[Stored entries]
-- Opening Marker --
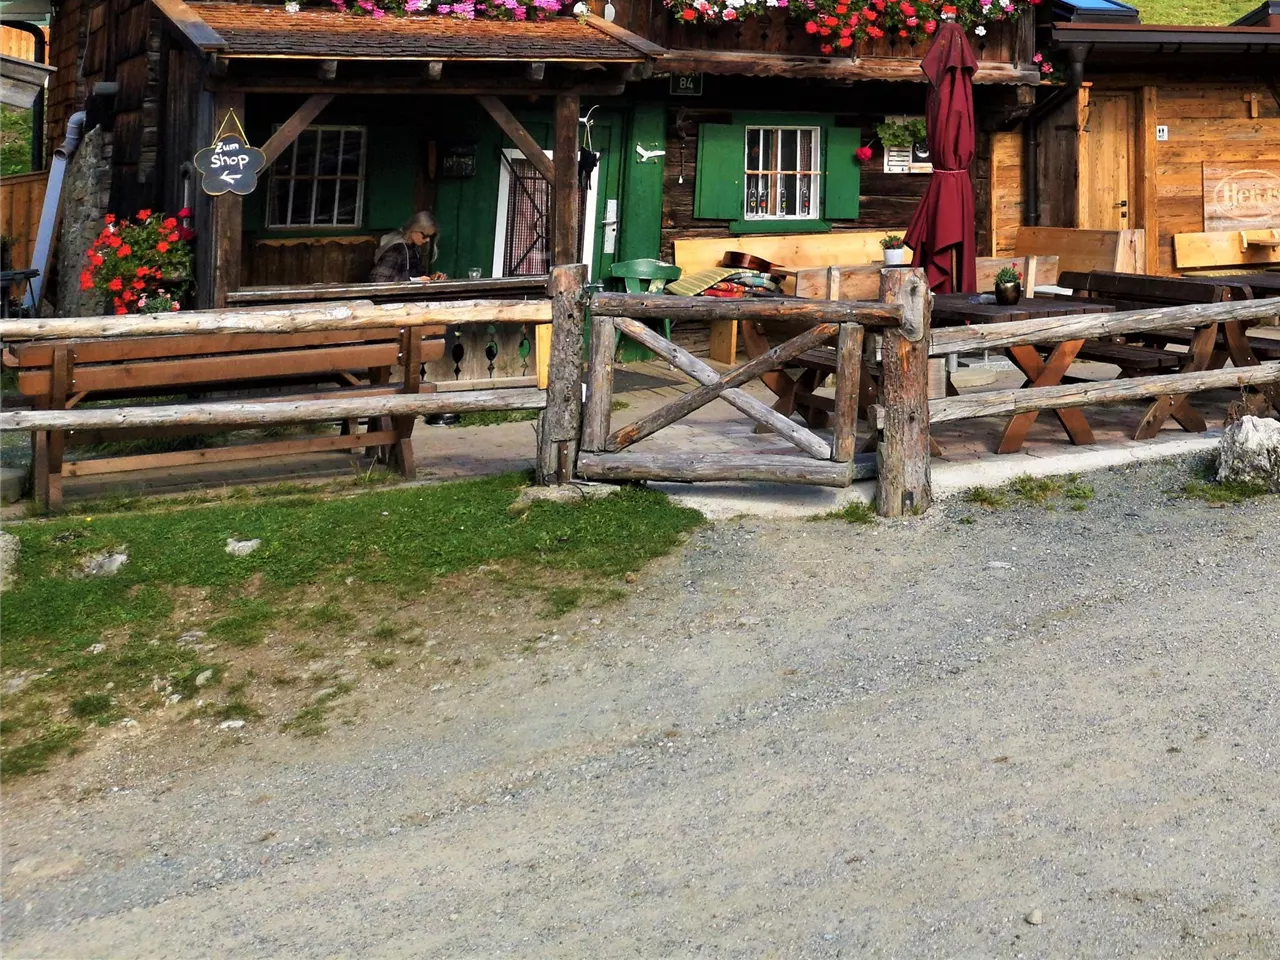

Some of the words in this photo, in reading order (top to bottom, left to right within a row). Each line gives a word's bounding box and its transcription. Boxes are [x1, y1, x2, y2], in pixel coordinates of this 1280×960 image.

[680, 77, 693, 89] 84
[214, 141, 239, 153] Zum
[210, 153, 249, 170] Shop
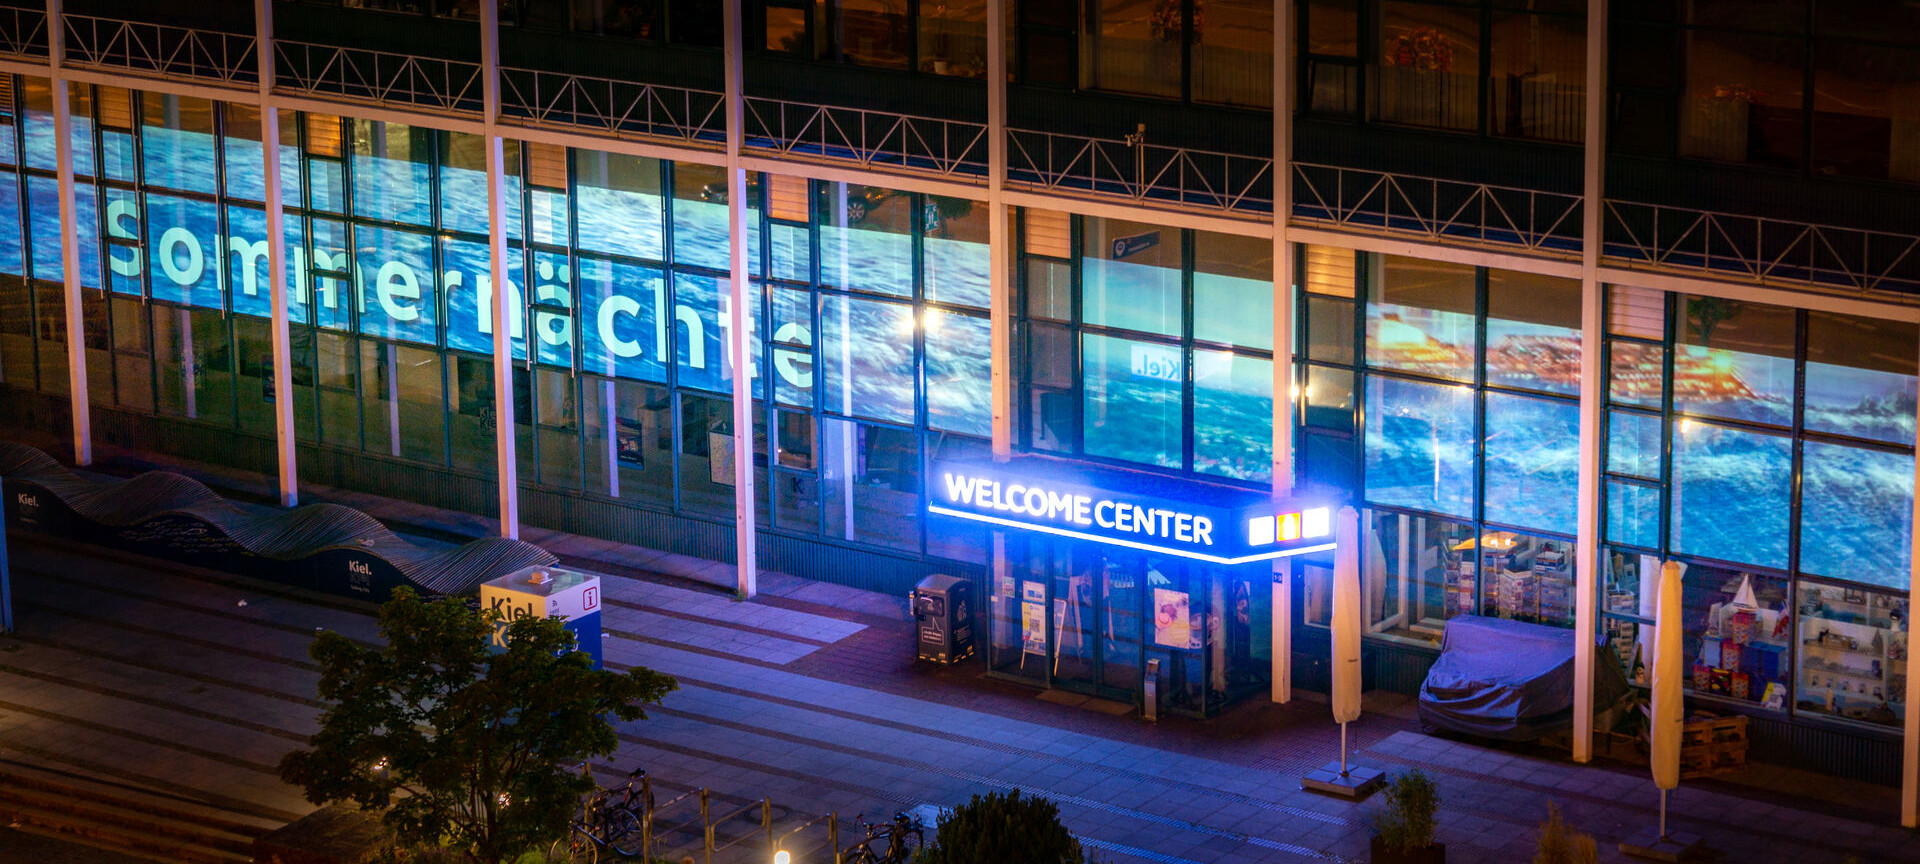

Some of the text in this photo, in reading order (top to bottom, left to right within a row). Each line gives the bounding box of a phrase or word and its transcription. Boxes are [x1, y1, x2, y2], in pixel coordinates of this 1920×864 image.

[18, 493, 40, 507] Kiel.
[945, 473, 1213, 546] WELCOME CENTER
[348, 560, 373, 575] Kiel.
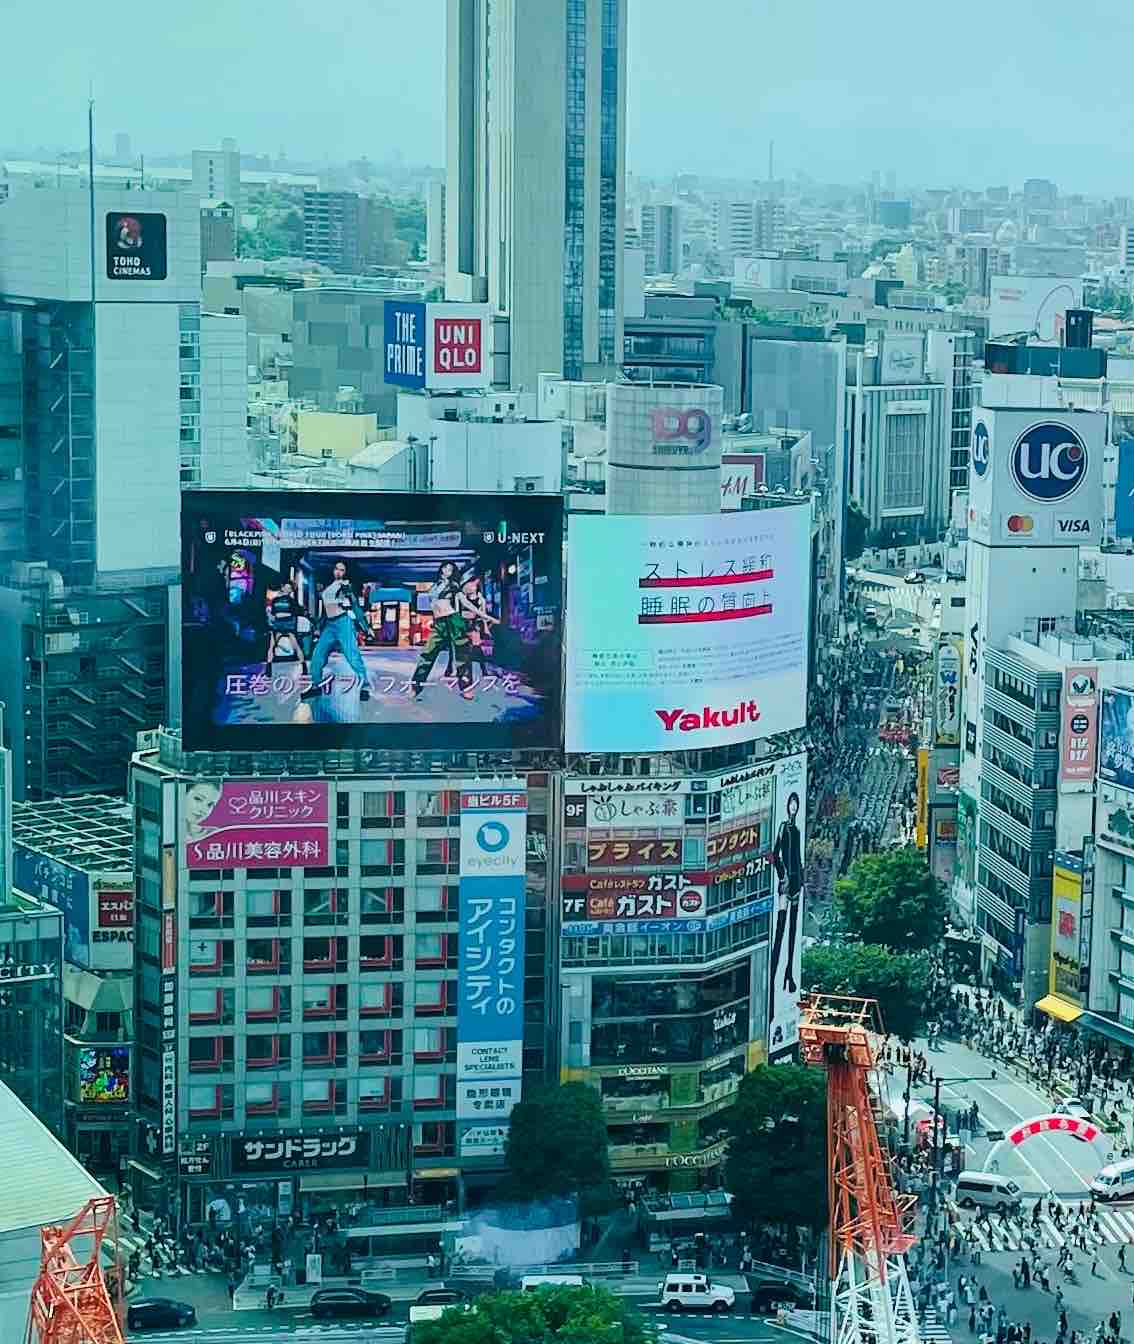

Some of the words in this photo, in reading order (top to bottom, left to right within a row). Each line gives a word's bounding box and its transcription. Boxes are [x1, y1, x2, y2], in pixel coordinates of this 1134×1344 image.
-- Closing Marker --
» **Assignment**
In your answer, print the entries above exactly, with the pictures left out.

» **Response**
Some of the words in this photo, in reading order (top to bottom, left to right within a row). Each line gives a word's bounding box and its transcription. Boxes are [x1, y1, x2, y2], in pixel coordinates of this 1280×960 image.

[680, 77, 693, 89] 84
[214, 141, 239, 153] Zum
[210, 153, 249, 170] Shop

Some of the text in this photo, in reading order (top to bottom, left to right within a row). Each line gives the bounding box of a phrase or word and its transcription. Boxes are [x1, y1, x2, y2], in pixel coordinates of this 1920×864 image.

[18, 493, 40, 507] Kiel.
[945, 473, 1213, 546] WELCOME CENTER
[348, 560, 373, 575] Kiel.

Some of the words in this photo, in reading order (top to bottom, left to right within a row). Each line gives a word's bounding box and its transcription. Boxes are [x1, y1, x2, y2], in pixel coordinates of this 1134×1344 image.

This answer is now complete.